I rely on NetBeans, Java, Solaris, OpenOffice and VirtualBox so that I can do my job on a daily basis. With those removed, I'm pretty much screwed.

Think I'm being alarmist? Maybe. I did play Chicken Little when Novell bought SuSE in 2003, and that deal appears to be working out somewhat better than anyone expected - even amidst poorly considered kinships with Microsoft. SuSE is slowly recovering, and Novell seems to attempt to be a good steward. But Oracle? Lessee... what's their track record for aquired technologies? They've turned Tangosol Coherence from a must-have element in a distributed software stack into a minuscule trinket tucked away in their closet. InnoDB has not progressed well and has caused continue enterprise issues. And WebLogic? It used to be the fastest Web service platform out there, now it remains largely ignored.

Tell me... what strategic value is Oracle going to find in VirtualBox? Or OpenOffice.org? Do you really think Oracle would have allowed projects such as Hibernate to exist when they want to make Toplink ubiquitous? Oracle will continue to neglect these projects, just like they've ignored previous projects they've acquired, until they decompose.

Seriously, are you going to trust a company who's had the same impossible-to-navigate site for fifteen years? A company who attempts to license its products using terms that require a slide rule and burnt offerings to figure out? Just look at the difference of how each company announced the acquisition: Sun created a micro-site that explains the deal and attempts to sell a bright side. Oracle could hardly be bothered to post a statement, showing their indifference to the acquisition that will most likely just mean a reduction in competition, not an enhancement to their portfolio.

Right now it seems there are two possible outs: hope that Apache Harmony can deliver on its goal of releasing its own open Java platform, or abandon Java as a platform and move to something like Qt.

Maybe I'm prematurely freaking out. Maybe I'm wrong about Oracle's apathy destroying the projects acquired from Sun. I certainly hope so. Still, I would wager that the capitalist will continue to decimate good ideas, digesting Sun's properties into a discarded pile alongside acquisitions of olde.

Wednesday, April 08, 2009

You're Nice People. I'll Give You Monies.

I have a bit of a... troublesome patch with my iPods. My first one suffered the cruel fate of a lawn mowing incident. The next one suffered a more aqueous fate. Now the latest one has been acting odd as of late and several hours, system restores, re-formatts and a pass of badblocks later I found it had a hard drive riddled with bad blocks. I'm guessing the read heads were using the platters as a scratching post.

I needed hardware support here. Mind you I've never once meandered into the local Apple store, nevermind the Genius Bar. Yet I made an appointment, shuffled my way through and talked to the resident genius.

I was prepped and ready for a requests for long-lost receipts, RMA codes and waiting months for a refurbishment. So I met my genius, she listened to the symptoms, typed a while on her laptop and... handed me a new iPod.

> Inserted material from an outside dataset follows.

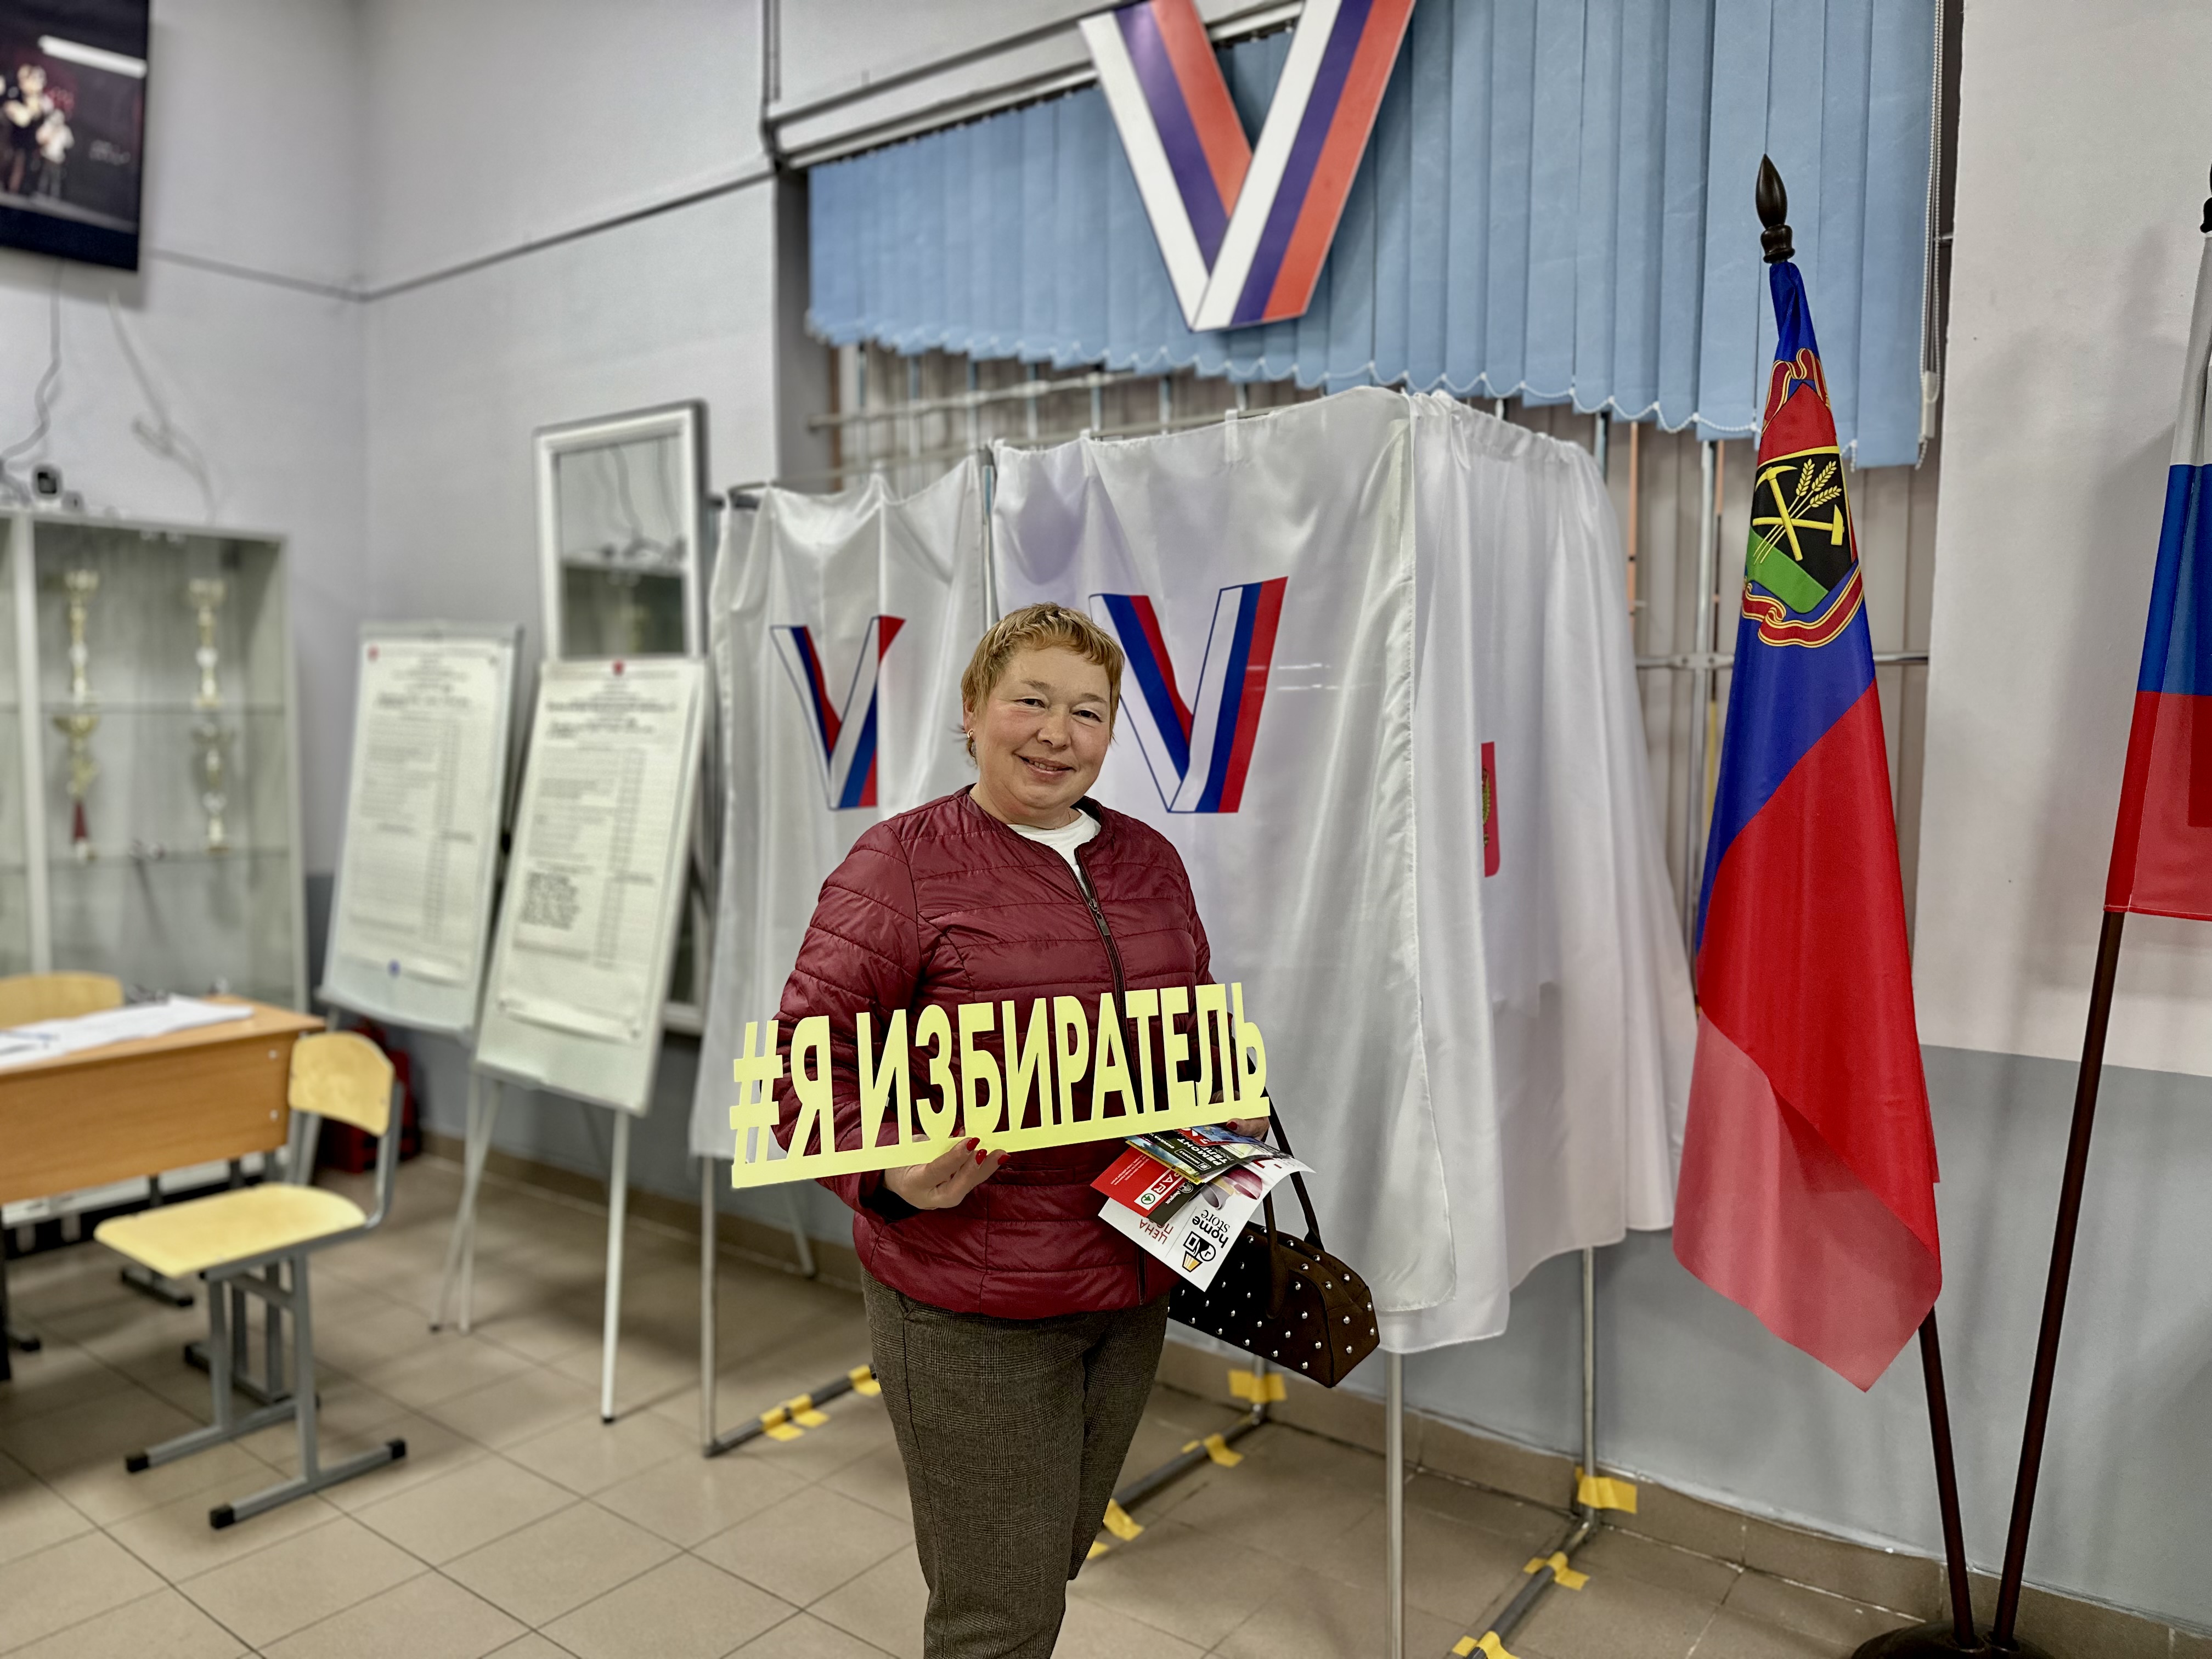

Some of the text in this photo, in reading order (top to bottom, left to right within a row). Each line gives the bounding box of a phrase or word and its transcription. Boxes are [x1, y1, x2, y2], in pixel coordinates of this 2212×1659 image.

Seriously, just like that.

The serial number was dutifully registered by iTunes and was shown to still be under warranty. So I signed for receipt of a new device and walked out the door. Ten minutes, tops.

What the eff? Why isn't life always this easy?

I'm sync'ing now and probably have a few hours to go. Small price to pay for instant gratification. I've given Apple lots of business; it's refreshing to see that they treat their customers with the same kind of loyalty.